(Items from a dataset)
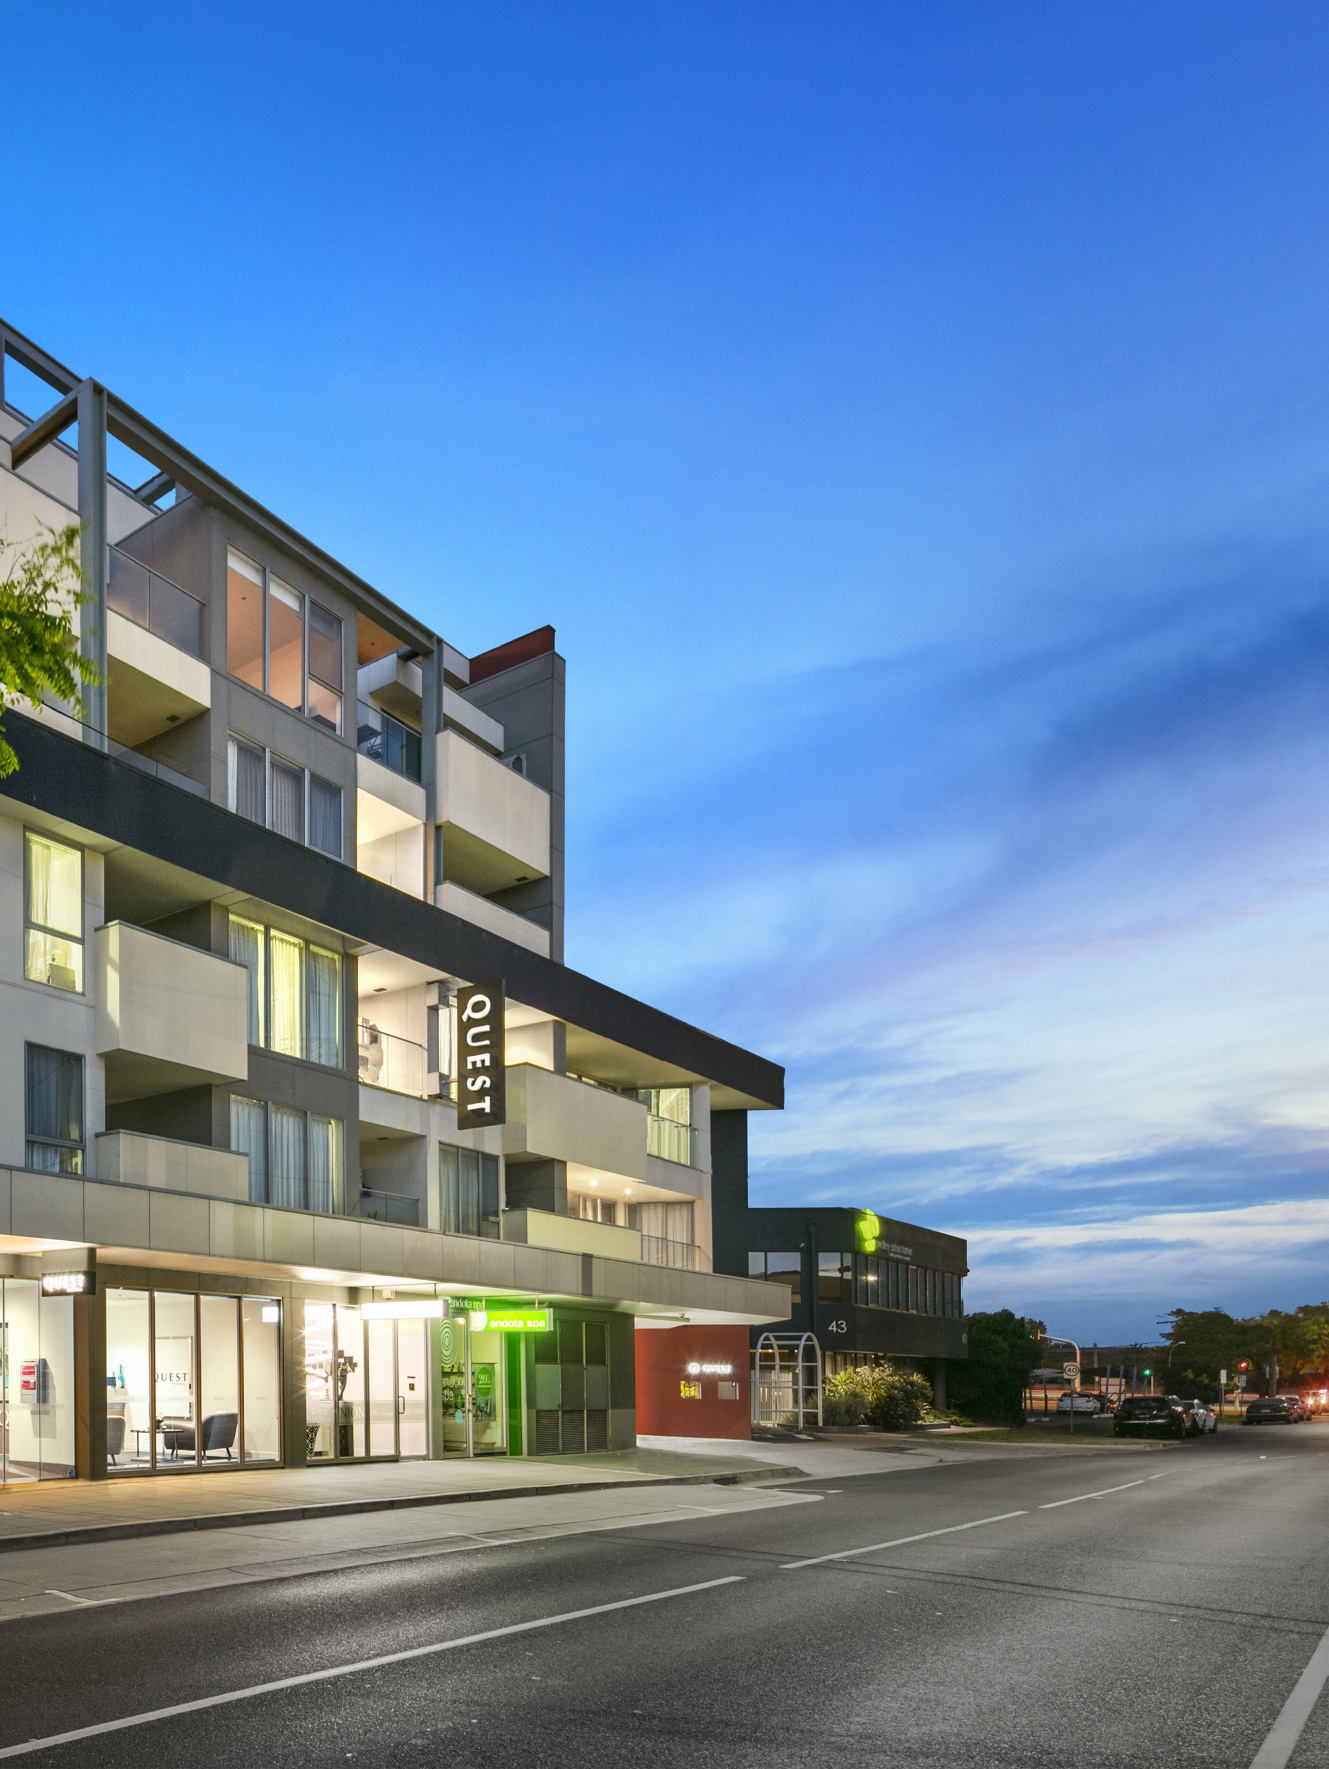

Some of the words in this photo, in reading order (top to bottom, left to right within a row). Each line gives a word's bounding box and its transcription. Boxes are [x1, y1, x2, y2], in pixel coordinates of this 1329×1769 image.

[462, 994, 490, 1113] QUEST
[43, 1275, 85, 1292] QUEST
[490, 1319, 524, 1328] endota
[527, 1320, 546, 1328] spa
[828, 1320, 847, 1333] 43
[154, 1373, 188, 1383] QUEST
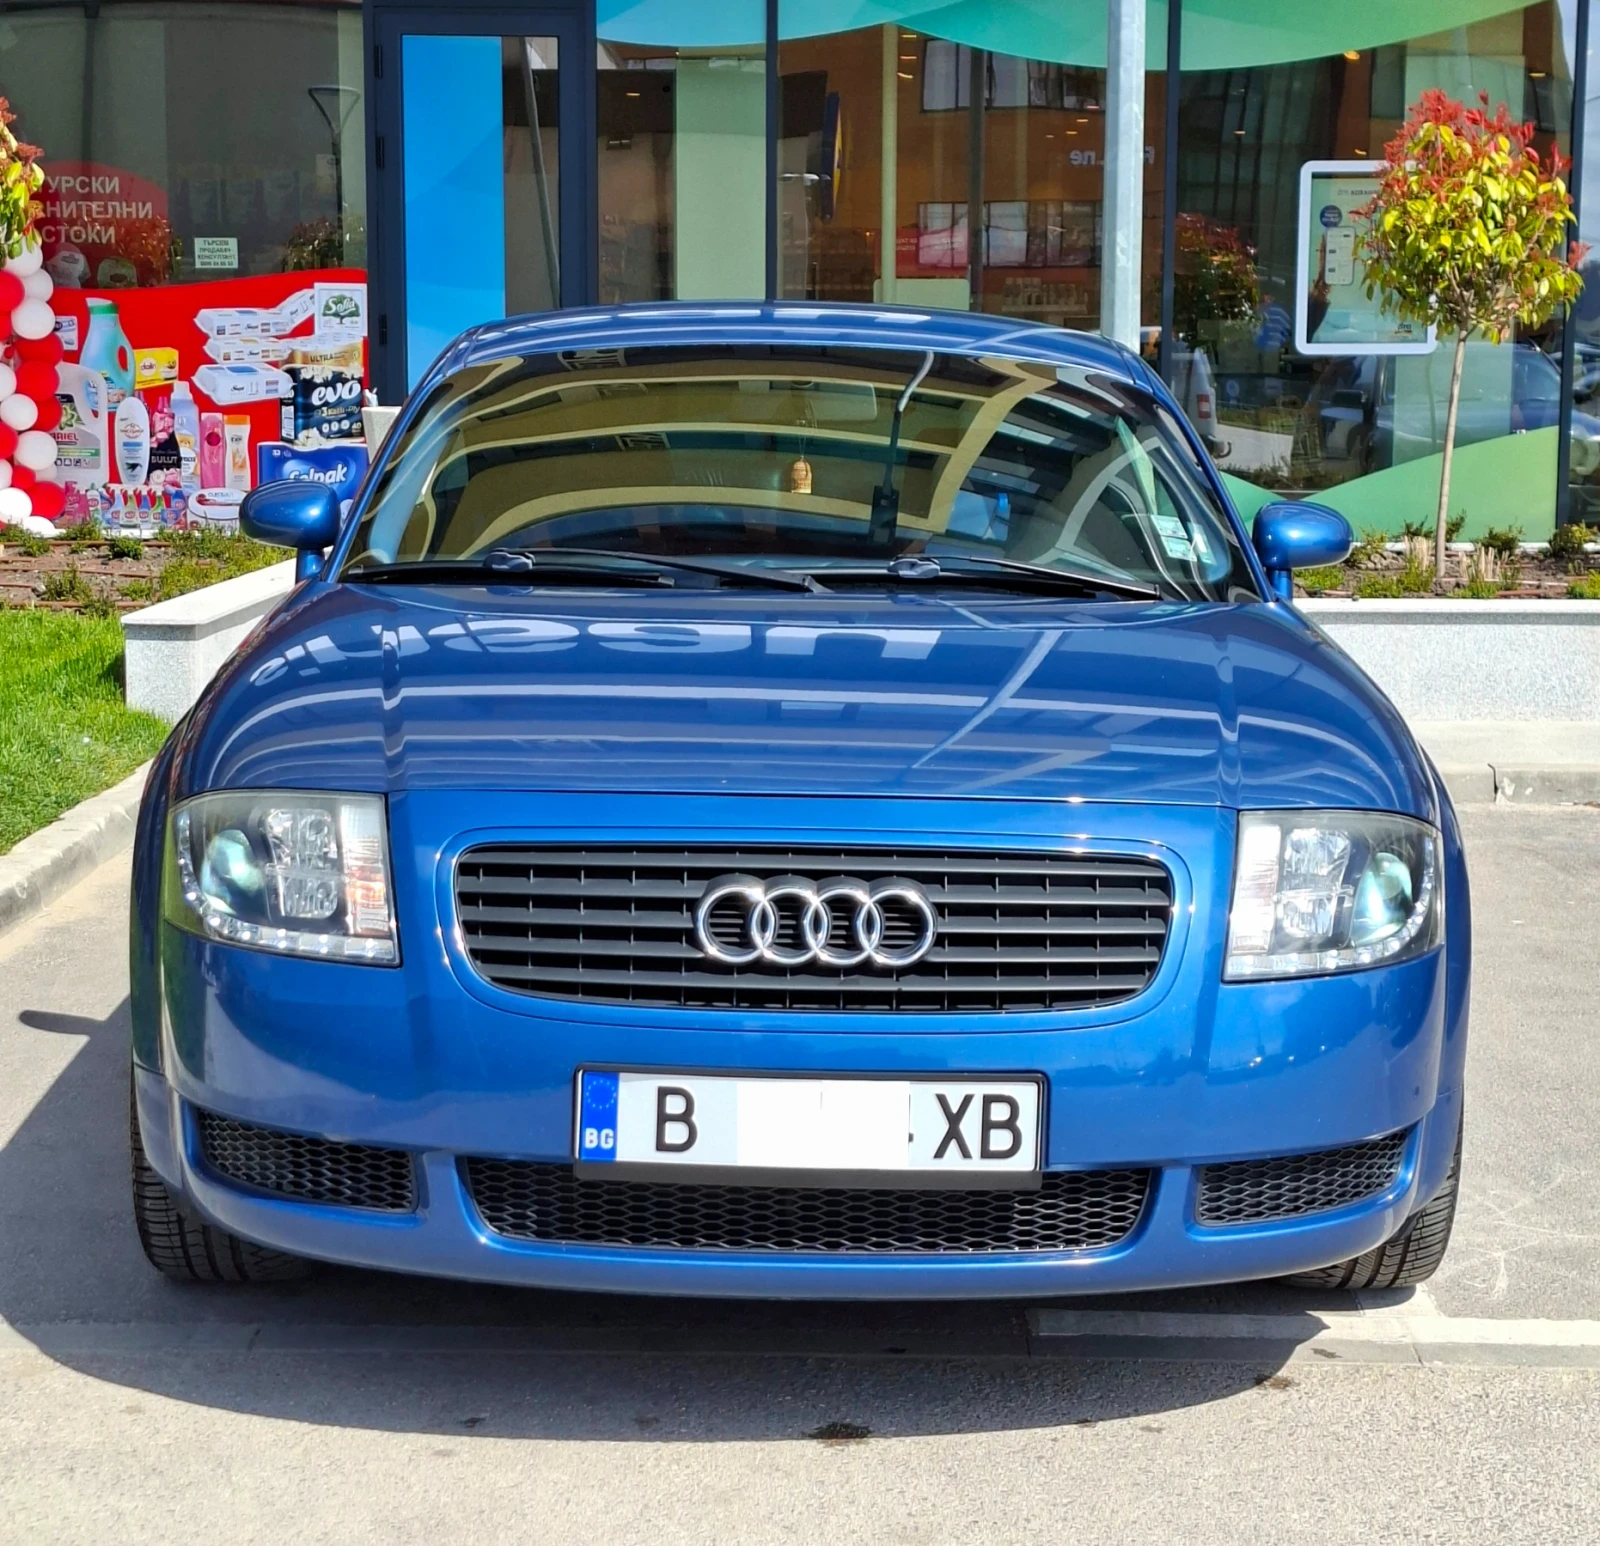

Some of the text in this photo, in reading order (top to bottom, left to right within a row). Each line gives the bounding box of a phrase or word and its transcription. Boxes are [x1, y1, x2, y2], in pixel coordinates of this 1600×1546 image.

[39, 176, 119, 194] УРСКИ
[46, 200, 153, 218] НИТЕЛНИ
[41, 225, 116, 244] СТОКИ
[311, 380, 361, 406] evo
[655, 1085, 1023, 1161] B XB
[584, 1127, 615, 1150] BG

## INSTRUCTIONS TO FOLLOW
The entries above are to be copied exactly, with every picture left out.

## SOLVED EXERCISE
Some of the words in this photo, in reading order (top to bottom, left to right within a row). Each line gives a word's bounding box and its transcription. Boxes are [x1, y1, x2, y2], in pixel coordinates of this 1329×1769 image.

[462, 994, 490, 1113] QUEST
[43, 1275, 85, 1292] QUEST
[490, 1319, 524, 1328] endota
[527, 1320, 546, 1328] spa
[828, 1320, 847, 1333] 43
[154, 1373, 188, 1383] QUEST

Some of the text in this photo, in reading order (top to bottom, left to right within a row). Each line gives the bounding box of a phrase or word and its transcription. Boxes are [x1, y1, x2, y2], in pixel coordinates of this 1600×1546 image.

[39, 176, 119, 194] УРСКИ
[46, 200, 153, 218] НИТЕЛНИ
[41, 225, 116, 244] СТОКИ
[311, 380, 361, 406] evo
[655, 1085, 1023, 1161] B XB
[584, 1127, 615, 1150] BG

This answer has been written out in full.